======== Material for the task ========

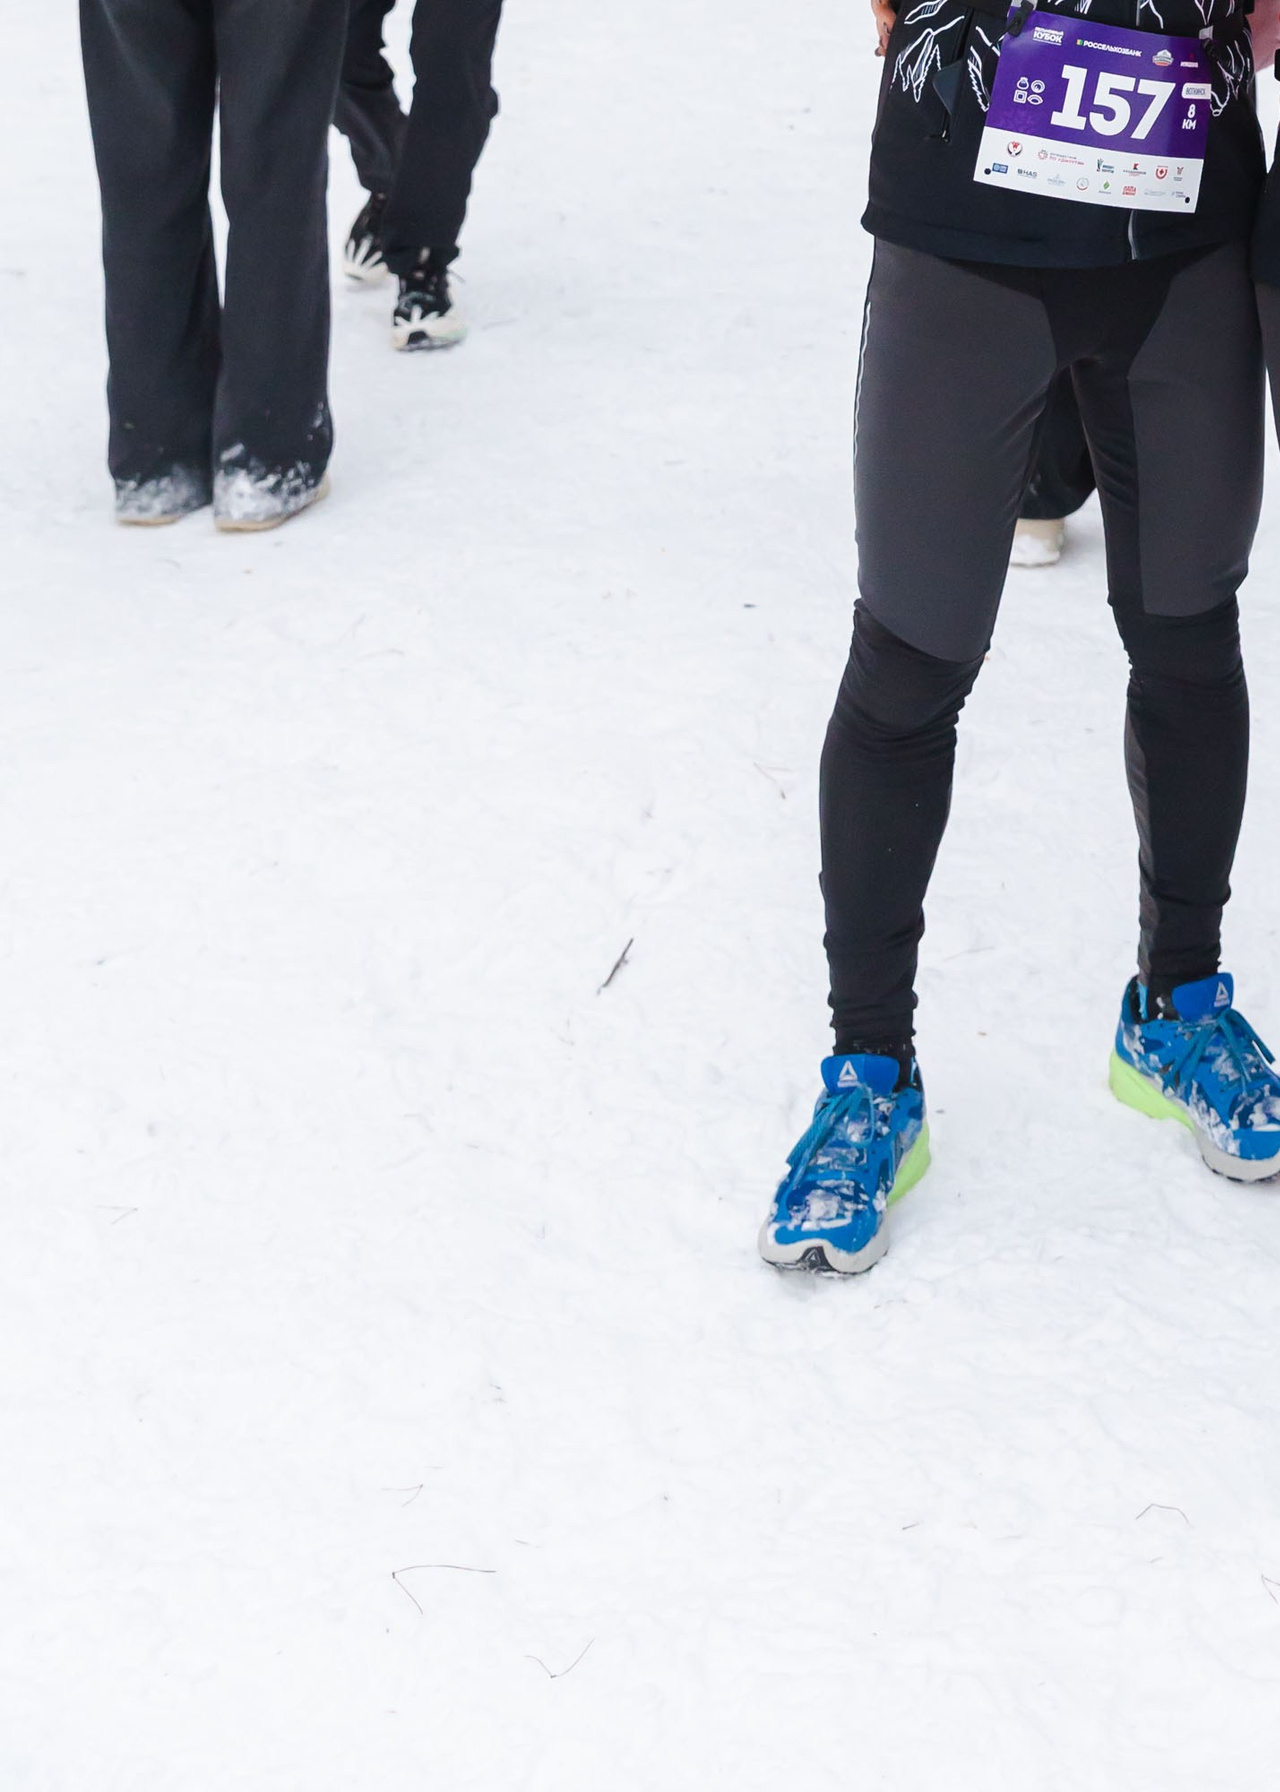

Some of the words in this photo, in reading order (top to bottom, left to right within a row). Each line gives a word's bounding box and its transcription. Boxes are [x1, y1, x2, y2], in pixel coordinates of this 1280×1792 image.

[1033, 30, 1062, 44] КУБОК
[1083, 40, 1142, 57] РОССЕЛЬХОЗБАНК
[1050, 64, 1176, 140] 157
[1187, 103, 1196, 119] 8
[1182, 118, 1197, 129] КМ
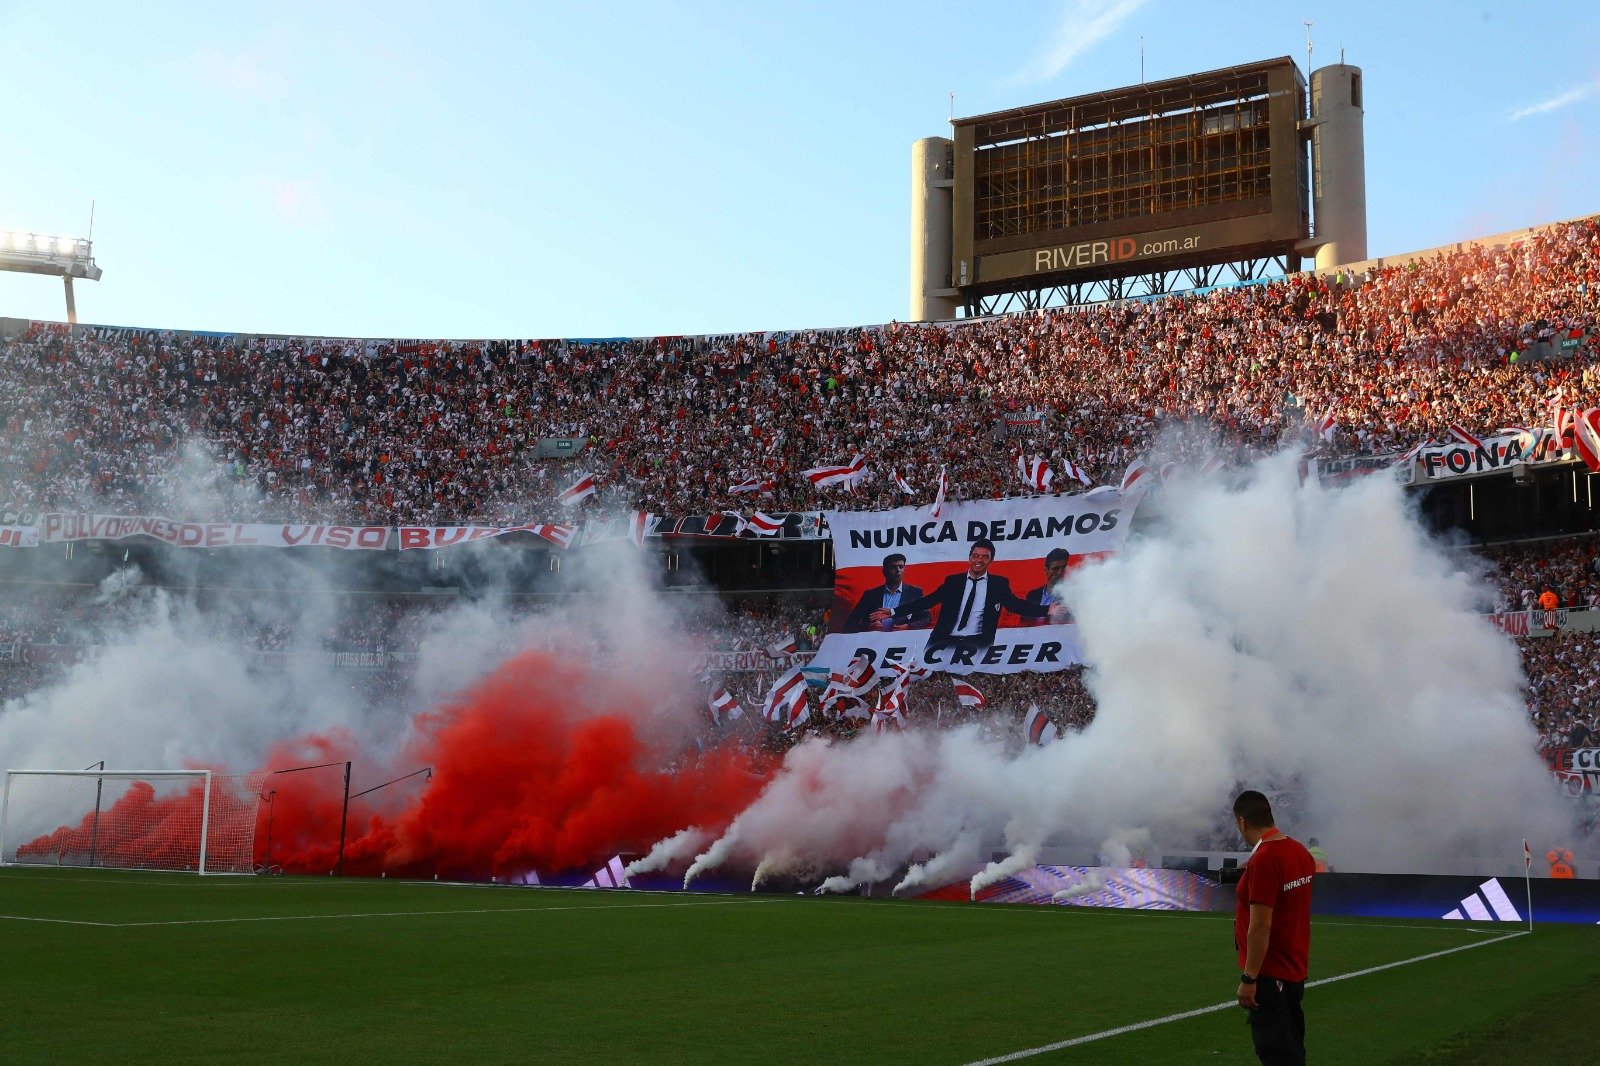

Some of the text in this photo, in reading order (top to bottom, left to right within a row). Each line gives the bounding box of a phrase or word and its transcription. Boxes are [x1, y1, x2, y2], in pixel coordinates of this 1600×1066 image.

[46, 513, 179, 542] POLVORINES
[178, 524, 386, 548] DEL VISO
[850, 520, 959, 549] NUNCA
[966, 508, 1122, 542] DEJAMOS
[847, 642, 1063, 670] DE CREER

========

▶ Exercise
From the line that contains "Some of the text" through the end of the records above, print every line exactly and nothing else.

▶ Your solution
Some of the text in this photo, in reading order (top to bottom, left to right within a row). Each line gives the bounding box of a phrase or word and its transcription. Boxes are [x1, y1, x2, y2], in pixel coordinates of this 1600×1066 image.

[46, 513, 179, 542] POLVORINES
[178, 524, 386, 548] DEL VISO
[850, 520, 959, 549] NUNCA
[966, 508, 1122, 542] DEJAMOS
[847, 642, 1063, 670] DE CREER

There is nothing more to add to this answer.